What you need to do:
Every line of the data below needs to be reproduced exactly.

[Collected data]
=== Begin Enclosure ===
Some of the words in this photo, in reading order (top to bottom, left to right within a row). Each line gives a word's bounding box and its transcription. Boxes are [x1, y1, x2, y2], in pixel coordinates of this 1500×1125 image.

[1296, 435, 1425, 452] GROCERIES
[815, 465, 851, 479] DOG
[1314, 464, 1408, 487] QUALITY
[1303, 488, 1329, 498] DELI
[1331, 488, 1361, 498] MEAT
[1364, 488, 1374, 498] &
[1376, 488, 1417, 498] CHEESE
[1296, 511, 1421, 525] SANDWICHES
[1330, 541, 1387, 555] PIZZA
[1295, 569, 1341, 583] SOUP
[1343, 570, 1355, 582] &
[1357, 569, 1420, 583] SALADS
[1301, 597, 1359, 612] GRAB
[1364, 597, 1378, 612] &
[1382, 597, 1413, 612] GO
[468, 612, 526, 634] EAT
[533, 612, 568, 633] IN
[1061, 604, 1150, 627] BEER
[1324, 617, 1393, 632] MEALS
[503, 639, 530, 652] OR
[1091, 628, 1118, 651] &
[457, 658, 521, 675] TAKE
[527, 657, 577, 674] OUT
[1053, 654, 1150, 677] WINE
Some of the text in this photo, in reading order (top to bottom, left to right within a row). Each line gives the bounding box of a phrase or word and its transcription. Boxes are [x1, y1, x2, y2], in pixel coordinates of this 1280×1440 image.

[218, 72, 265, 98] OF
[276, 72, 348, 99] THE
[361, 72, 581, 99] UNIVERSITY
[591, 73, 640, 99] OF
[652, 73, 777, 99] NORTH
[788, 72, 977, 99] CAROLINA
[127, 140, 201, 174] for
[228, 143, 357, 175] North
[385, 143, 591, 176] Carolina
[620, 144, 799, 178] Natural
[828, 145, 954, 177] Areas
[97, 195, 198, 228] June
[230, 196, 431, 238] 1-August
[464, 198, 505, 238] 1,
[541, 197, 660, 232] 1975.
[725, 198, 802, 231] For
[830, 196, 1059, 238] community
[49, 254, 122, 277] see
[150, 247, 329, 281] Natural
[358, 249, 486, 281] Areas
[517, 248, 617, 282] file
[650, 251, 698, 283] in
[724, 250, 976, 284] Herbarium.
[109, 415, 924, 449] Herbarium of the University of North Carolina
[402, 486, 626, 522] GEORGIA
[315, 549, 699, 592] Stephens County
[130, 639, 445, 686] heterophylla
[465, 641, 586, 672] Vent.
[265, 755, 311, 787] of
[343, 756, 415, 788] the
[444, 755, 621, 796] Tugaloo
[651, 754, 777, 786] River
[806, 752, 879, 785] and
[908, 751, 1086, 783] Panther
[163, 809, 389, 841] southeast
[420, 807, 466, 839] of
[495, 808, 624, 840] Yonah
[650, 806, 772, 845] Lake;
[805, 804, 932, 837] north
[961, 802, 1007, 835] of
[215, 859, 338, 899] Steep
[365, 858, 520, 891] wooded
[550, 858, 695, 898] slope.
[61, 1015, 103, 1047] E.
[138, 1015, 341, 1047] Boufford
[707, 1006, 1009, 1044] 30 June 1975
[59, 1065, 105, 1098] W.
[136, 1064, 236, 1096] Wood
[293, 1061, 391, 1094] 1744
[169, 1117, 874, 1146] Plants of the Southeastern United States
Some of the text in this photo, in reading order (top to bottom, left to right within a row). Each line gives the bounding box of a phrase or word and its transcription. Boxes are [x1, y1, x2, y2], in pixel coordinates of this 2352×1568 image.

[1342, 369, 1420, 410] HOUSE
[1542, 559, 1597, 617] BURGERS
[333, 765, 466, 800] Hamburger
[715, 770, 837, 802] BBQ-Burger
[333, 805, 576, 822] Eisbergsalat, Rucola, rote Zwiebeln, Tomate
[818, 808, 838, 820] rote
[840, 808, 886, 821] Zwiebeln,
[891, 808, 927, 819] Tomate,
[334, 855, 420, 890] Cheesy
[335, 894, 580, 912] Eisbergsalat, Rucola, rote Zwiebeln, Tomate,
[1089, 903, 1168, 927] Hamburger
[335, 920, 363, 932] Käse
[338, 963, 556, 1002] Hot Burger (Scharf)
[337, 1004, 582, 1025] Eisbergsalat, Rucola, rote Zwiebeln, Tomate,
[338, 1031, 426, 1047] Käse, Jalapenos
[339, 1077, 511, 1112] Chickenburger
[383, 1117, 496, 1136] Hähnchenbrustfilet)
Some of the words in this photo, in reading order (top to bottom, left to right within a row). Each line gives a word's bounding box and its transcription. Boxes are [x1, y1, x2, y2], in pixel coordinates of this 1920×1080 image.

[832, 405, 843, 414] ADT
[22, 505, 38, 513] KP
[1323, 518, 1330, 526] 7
=== End Enclosure ===
Output:
Some of the words in this photo, in reading order (top to bottom, left to right within a row). Each line gives a word's bounding box and its transcription. Boxes are [x1, y1, x2, y2], in pixel coordinates of this 1500×1125 image.

[1296, 435, 1425, 452] GROCERIES
[815, 465, 851, 479] DOG
[1314, 464, 1408, 487] QUALITY
[1303, 488, 1329, 498] DELI
[1331, 488, 1361, 498] MEAT
[1364, 488, 1374, 498] &
[1376, 488, 1417, 498] CHEESE
[1296, 511, 1421, 525] SANDWICHES
[1330, 541, 1387, 555] PIZZA
[1295, 569, 1341, 583] SOUP
[1343, 570, 1355, 582] &
[1357, 569, 1420, 583] SALADS
[1301, 597, 1359, 612] GRAB
[1364, 597, 1378, 612] &
[1382, 597, 1413, 612] GO
[468, 612, 526, 634] EAT
[533, 612, 568, 633] IN
[1061, 604, 1150, 627] BEER
[1324, 617, 1393, 632] MEALS
[503, 639, 530, 652] OR
[1091, 628, 1118, 651] &
[457, 658, 521, 675] TAKE
[527, 657, 577, 674] OUT
[1053, 654, 1150, 677] WINE
Some of the text in this photo, in reading order (top to bottom, left to right within a row). Each line gives the bounding box of a phrase or word and its transcription. Boxes are [x1, y1, x2, y2], in pixel coordinates of this 1280×1440 image.

[218, 72, 265, 98] OF
[276, 72, 348, 99] THE
[361, 72, 581, 99] UNIVERSITY
[591, 73, 640, 99] OF
[652, 73, 777, 99] NORTH
[788, 72, 977, 99] CAROLINA
[127, 140, 201, 174] for
[228, 143, 357, 175] North
[385, 143, 591, 176] Carolina
[620, 144, 799, 178] Natural
[828, 145, 954, 177] Areas
[97, 195, 198, 228] June
[230, 196, 431, 238] 1-August
[464, 198, 505, 238] 1,
[541, 197, 660, 232] 1975.
[725, 198, 802, 231] For
[830, 196, 1059, 238] community
[49, 254, 122, 277] see
[150, 247, 329, 281] Natural
[358, 249, 486, 281] Areas
[517, 248, 617, 282] file
[650, 251, 698, 283] in
[724, 250, 976, 284] Herbarium.
[109, 415, 924, 449] Herbarium of the University of North Carolina
[402, 486, 626, 522] GEORGIA
[315, 549, 699, 592] Stephens County
[130, 639, 445, 686] heterophylla
[465, 641, 586, 672] Vent.
[265, 755, 311, 787] of
[343, 756, 415, 788] the
[444, 755, 621, 796] Tugaloo
[651, 754, 777, 786] River
[806, 752, 879, 785] and
[908, 751, 1086, 783] Panther
[163, 809, 389, 841] southeast
[420, 807, 466, 839] of
[495, 808, 624, 840] Yonah
[650, 806, 772, 845] Lake;
[805, 804, 932, 837] north
[961, 802, 1007, 835] of
[215, 859, 338, 899] Steep
[365, 858, 520, 891] wooded
[550, 858, 695, 898] slope.
[61, 1015, 103, 1047] E.
[138, 1015, 341, 1047] Boufford
[707, 1006, 1009, 1044] 30 June 1975
[59, 1065, 105, 1098] W.
[136, 1064, 236, 1096] Wood
[293, 1061, 391, 1094] 1744
[169, 1117, 874, 1146] Plants of the Southeastern United States
Some of the text in this photo, in reading order (top to bottom, left to right within a row). Each line gives the bounding box of a phrase or word and its transcription. Boxes are [x1, y1, x2, y2], in pixel coordinates of this 2352×1568 image.

[1342, 369, 1420, 410] HOUSE
[1542, 559, 1597, 617] BURGERS
[333, 765, 466, 800] Hamburger
[715, 770, 837, 802] BBQ-Burger
[333, 805, 576, 822] Eisbergsalat, Rucola, rote Zwiebeln, Tomate
[818, 808, 838, 820] rote
[840, 808, 886, 821] Zwiebeln,
[891, 808, 927, 819] Tomate,
[334, 855, 420, 890] Cheesy
[335, 894, 580, 912] Eisbergsalat, Rucola, rote Zwiebeln, Tomate,
[1089, 903, 1168, 927] Hamburger
[335, 920, 363, 932] Käse
[338, 963, 556, 1002] Hot Burger (Scharf)
[337, 1004, 582, 1025] Eisbergsalat, Rucola, rote Zwiebeln, Tomate,
[338, 1031, 426, 1047] Käse, Jalapenos
[339, 1077, 511, 1112] Chickenburger
[383, 1117, 496, 1136] Hähnchenbrustfilet)
Some of the words in this photo, in reading order (top to bottom, left to right within a row). Each line gives a word's bounding box and its transcription. Boxes are [x1, y1, x2, y2], in pixel coordinates of this 1920×1080 image.

[832, 405, 843, 414] ADT
[22, 505, 38, 513] KP
[1323, 518, 1330, 526] 7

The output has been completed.